As New York Times writer Amy Cortese recounts, P2P started in 2007 during the subprime mortgage crisis as an easier and lower-cost financing alternative that bypassed traditional lenders, which had lost considerable consumer confidence. Instead of institutions lending money, individuals lent money to each other over websites such as Prosper Marketplace and The Lending Club.
On these sites, people and businesses provided a profile why they need a loan and interested individual investors offer financing. Borrowers typically got lower financing than they would have from banks, and investors earned a potentially higher return than leaving their money in a certificate of deposit.

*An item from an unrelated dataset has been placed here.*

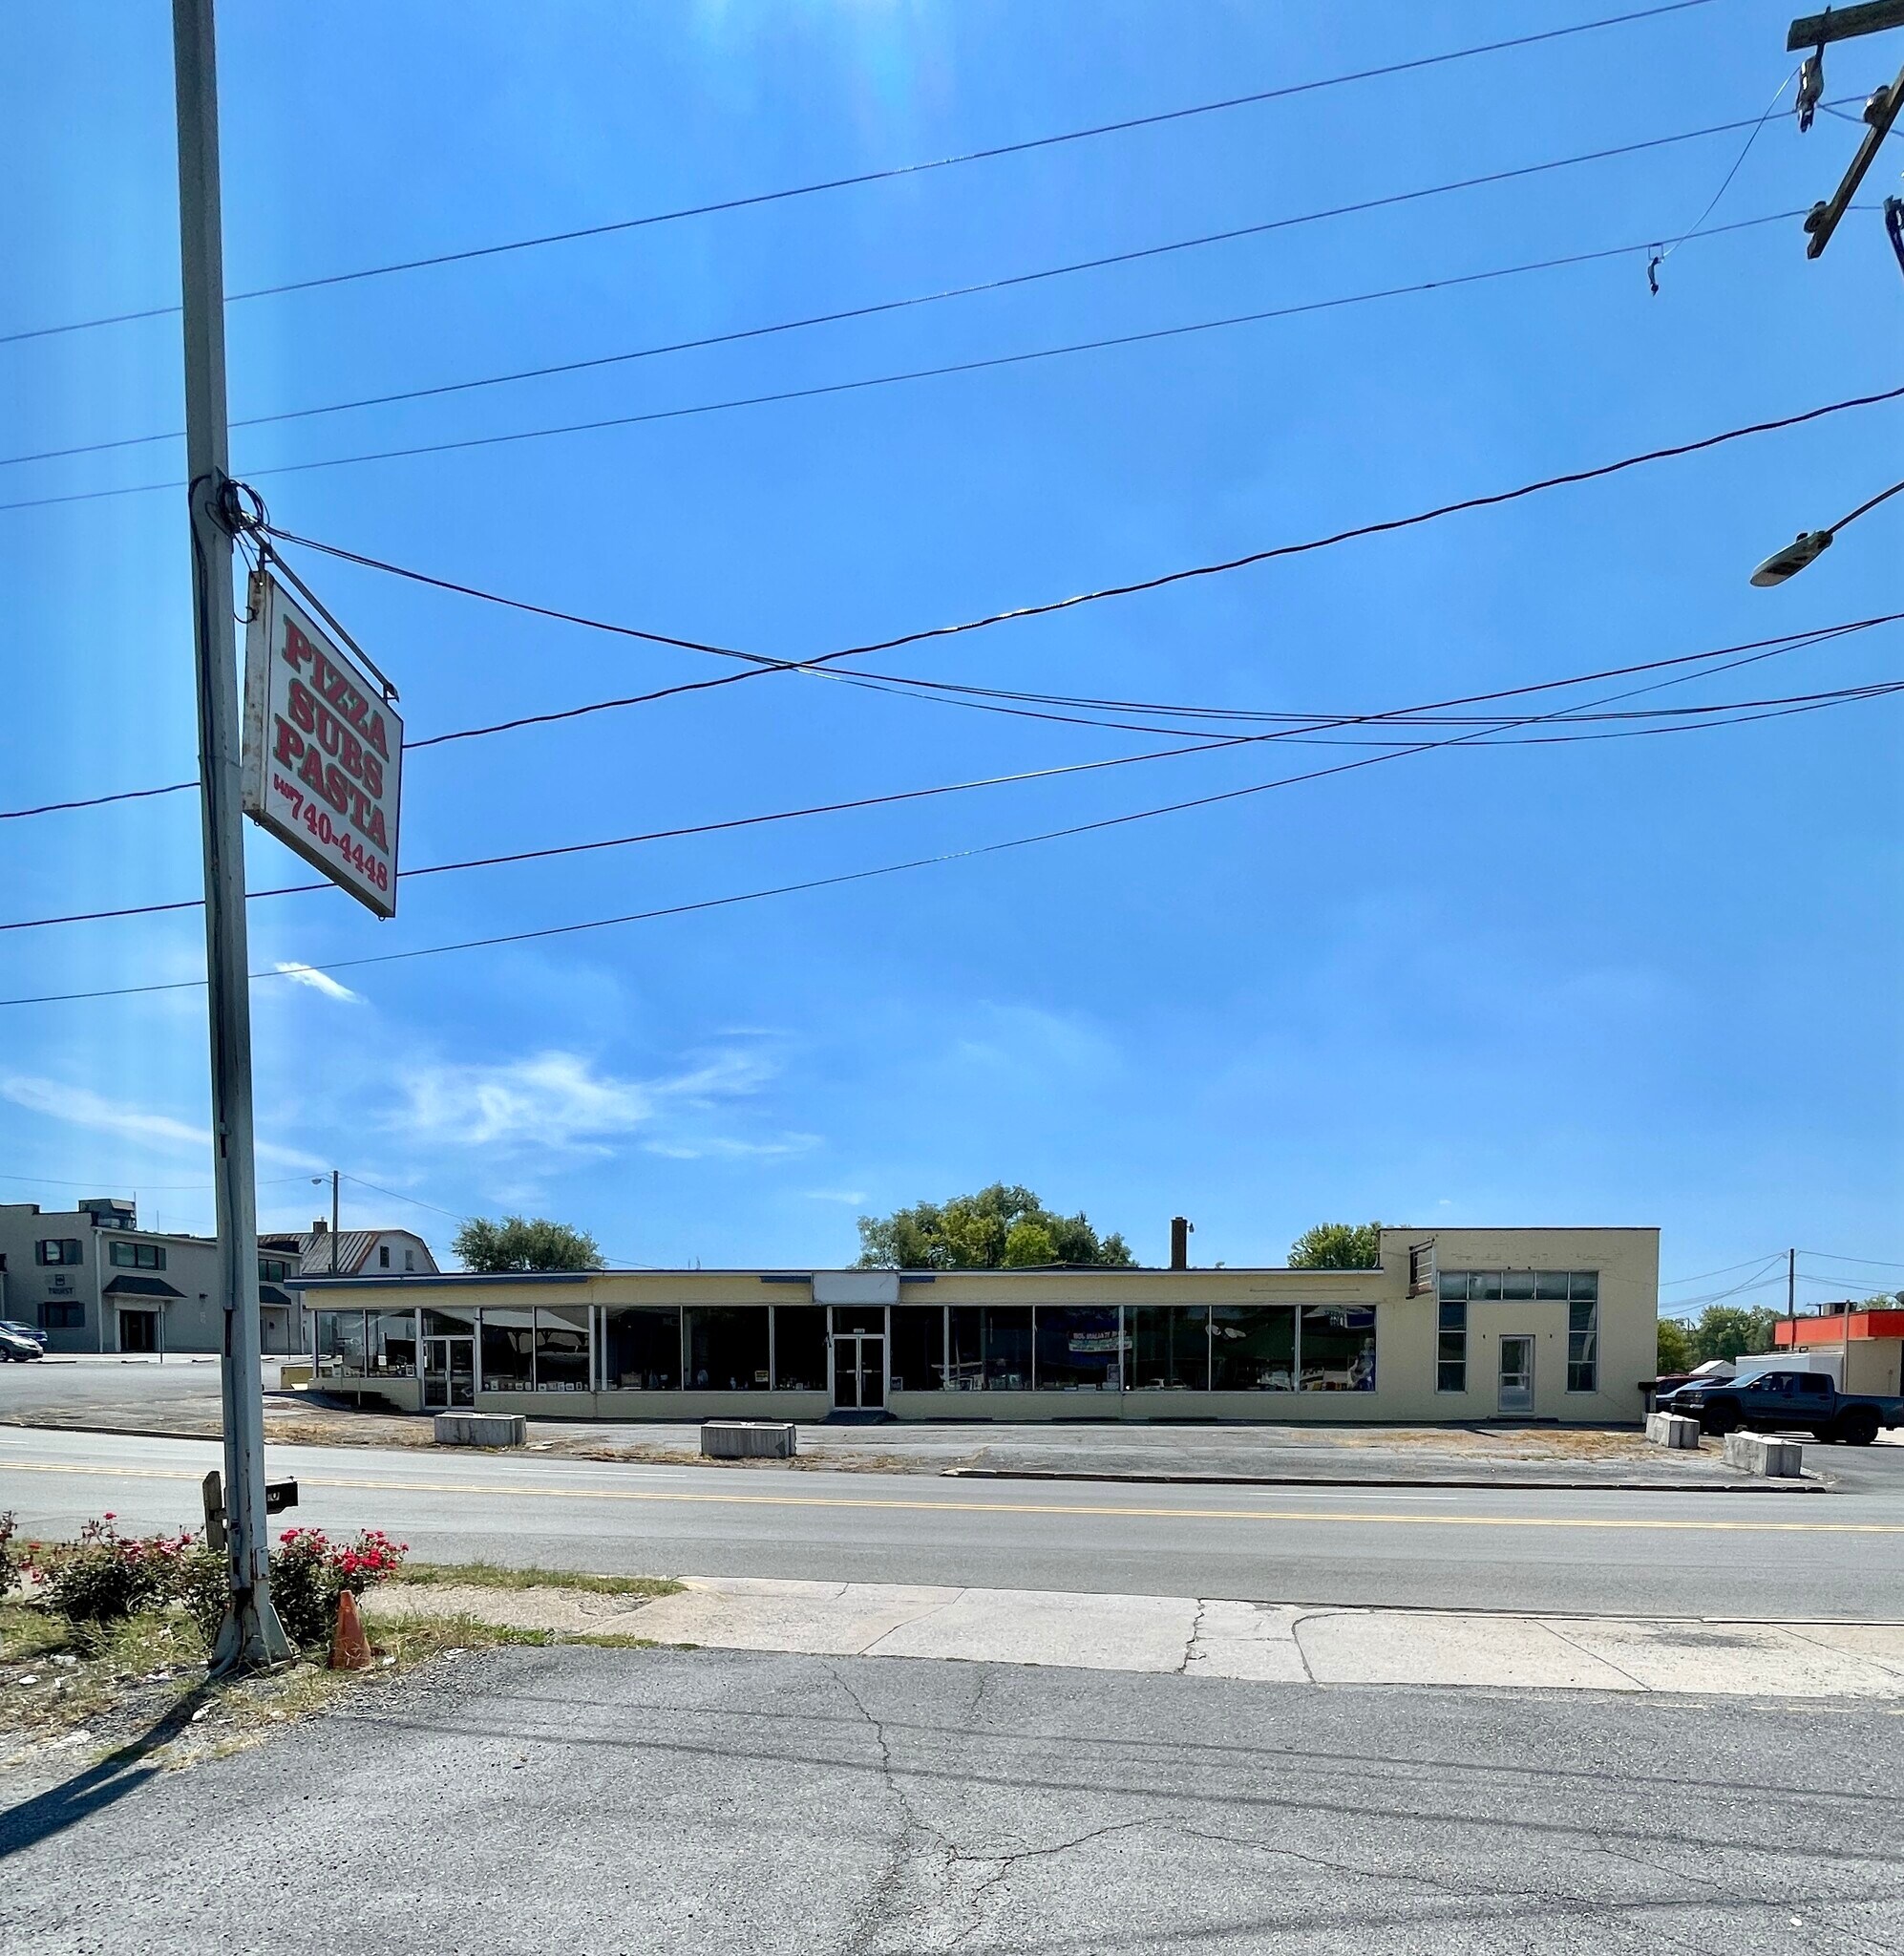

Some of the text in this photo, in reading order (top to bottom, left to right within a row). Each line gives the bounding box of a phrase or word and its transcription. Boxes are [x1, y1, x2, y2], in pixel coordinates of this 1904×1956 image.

[282, 613, 390, 763] PIZZA
[288, 677, 383, 799] SUBS
[272, 712, 389, 857] PASTA

P2P Lending Favors the SMBs
As American Banker reports, small business owners are increasingly turning to P2P both because the application process is less onerous than banks’ processes and because loan rates are more favorable. This is due, in part, to the fact that P2P lending sites have less overhead; at least one third less than the average retail bank.
These days, though, P2P isn’t quite the same match of peers. In fact, many lenders are venture capitalists, not “average joes” with spare cash. Venture capitalists in particular like P2P because it allows them to finance a business proposition without the risk of taking an equity stake. Even the very institution P2P was designed to circumvent—banks—are getting into the game; The Lending Club filed an IPO with Morgan Stanley and Golden Sachs as underwriters.
The Future of Financing
This isn’t to say that P2P is so tarnished now that it seems to have gone mainstream. The Wall Street Journal reports that cutting out the usual middlemen of credit cards and banks is the future of financing, which is why more hedge funds, venture capitalists and other institutional financiers are getting into P2P.
This is good news for SMBs. For example, The Lending Club now offers business loans up to $300,000 at fixed rates starting at 5.9 percent, with no prepayment penalties or hidden fees. There are no appraisals or business plan submissions. No collateral is required for loans under $100,000. And as with all P2P transactions, lending is regulated by the Securities Exchange Commission and other regulatory agencies.
Making Loans Most Banks Won’t
The advantage to SMBs, as Business Week points out, is that P2P brings down the overall cost of borrowing, particularly for those who wouldn’t qualify for traditional bank loans. The presence of institutional investors makes that prospect even more sustainable. This means more capital for borrowers and greater scale for the P2P platform, which continues to make smaller loans than most banks are interested in providing.